Complete economic integration
is the final stage of economic integration in which member states completely forego independence of both monetary and fiscal policies.
General Agreement on Trade in Services (GATS)
is the first multilateral agreement covering trade in services which was negotiated during the last round of multilateral trade negotiations, called the Uruguay Round, and came into force in 1995.
Neoliberalism
is the intensification of the influence and dominance of capital. It is the elevation of capitalism as a mode of production into an ethic, a set of political imperatives, and a cultural logic.
Economic sovereignty
is the power or national governments to make decisions independently of those made by other governments.
global justice movement
movement describes the loose collection of individuals and groups often referred to as a "movement of movements", who advocate fair trade rules and are negative to current institutions of global economics such as the World Trade Organization.
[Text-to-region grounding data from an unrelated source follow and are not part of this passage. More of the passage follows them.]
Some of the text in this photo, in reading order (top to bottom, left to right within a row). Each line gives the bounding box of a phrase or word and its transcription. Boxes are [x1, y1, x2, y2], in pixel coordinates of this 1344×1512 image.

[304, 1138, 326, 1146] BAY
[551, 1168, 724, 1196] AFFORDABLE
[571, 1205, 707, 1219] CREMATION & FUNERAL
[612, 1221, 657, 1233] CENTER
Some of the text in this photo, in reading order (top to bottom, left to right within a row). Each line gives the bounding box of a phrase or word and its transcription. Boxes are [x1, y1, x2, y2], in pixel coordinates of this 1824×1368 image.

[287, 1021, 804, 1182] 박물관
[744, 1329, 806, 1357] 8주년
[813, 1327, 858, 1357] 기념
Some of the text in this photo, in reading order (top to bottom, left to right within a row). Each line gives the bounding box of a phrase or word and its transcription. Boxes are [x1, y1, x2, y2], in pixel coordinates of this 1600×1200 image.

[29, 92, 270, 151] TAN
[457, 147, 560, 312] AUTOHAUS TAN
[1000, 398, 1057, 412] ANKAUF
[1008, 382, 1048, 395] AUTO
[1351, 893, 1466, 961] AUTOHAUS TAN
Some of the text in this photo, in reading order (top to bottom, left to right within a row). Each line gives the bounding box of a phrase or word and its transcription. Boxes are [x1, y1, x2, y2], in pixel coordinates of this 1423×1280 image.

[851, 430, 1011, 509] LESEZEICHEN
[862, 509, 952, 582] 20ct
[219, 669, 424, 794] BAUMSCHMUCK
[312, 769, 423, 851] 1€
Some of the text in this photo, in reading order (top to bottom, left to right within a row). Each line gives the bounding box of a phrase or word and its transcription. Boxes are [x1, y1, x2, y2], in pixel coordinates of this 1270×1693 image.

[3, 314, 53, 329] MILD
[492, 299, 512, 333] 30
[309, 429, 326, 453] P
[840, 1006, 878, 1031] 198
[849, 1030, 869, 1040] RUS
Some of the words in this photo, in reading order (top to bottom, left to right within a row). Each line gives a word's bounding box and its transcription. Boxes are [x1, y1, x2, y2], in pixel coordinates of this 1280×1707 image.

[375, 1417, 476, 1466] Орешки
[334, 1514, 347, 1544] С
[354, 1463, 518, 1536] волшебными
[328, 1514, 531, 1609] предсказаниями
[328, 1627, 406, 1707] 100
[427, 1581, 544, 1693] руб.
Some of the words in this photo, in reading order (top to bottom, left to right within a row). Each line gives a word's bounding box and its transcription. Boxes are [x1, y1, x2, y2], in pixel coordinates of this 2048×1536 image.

Chief financial officers (CFOs)
must balance the opportunities with the challenges of operating in multiple environments in managing their internal markets in building an advantage.
methods to establish FDIs
opening a subsidiary or associate company in a foreign country; acquiring a controlling interest in an existing foreign company, or by means of a merger or joint venture with a foreign company
Market integration
refers to how easily two or more markets can trade with each other. It occurs when prices among different locations or related goods follow similar patterns over a long period of time.
Political integration
refers to the integration of components within political systems; the integration of political systems with economic, social, and other human systems; and the political processes by which social, economic, and political systems become integrated
Foreign Direct Investment (FDI)
was of corporate origin. It is a major driver of extended global corporate development. It is an investment made by a company or individual in one country in business interests in another country, in the form of either establishing business operations or acquiring business assets in the other country, such as ownership or controlling interest in a foreign company and the key feature of foreign direct investment is that it is an investment made that establishes either effective control of, or at least substantial influence over, the decision making of a foreign business.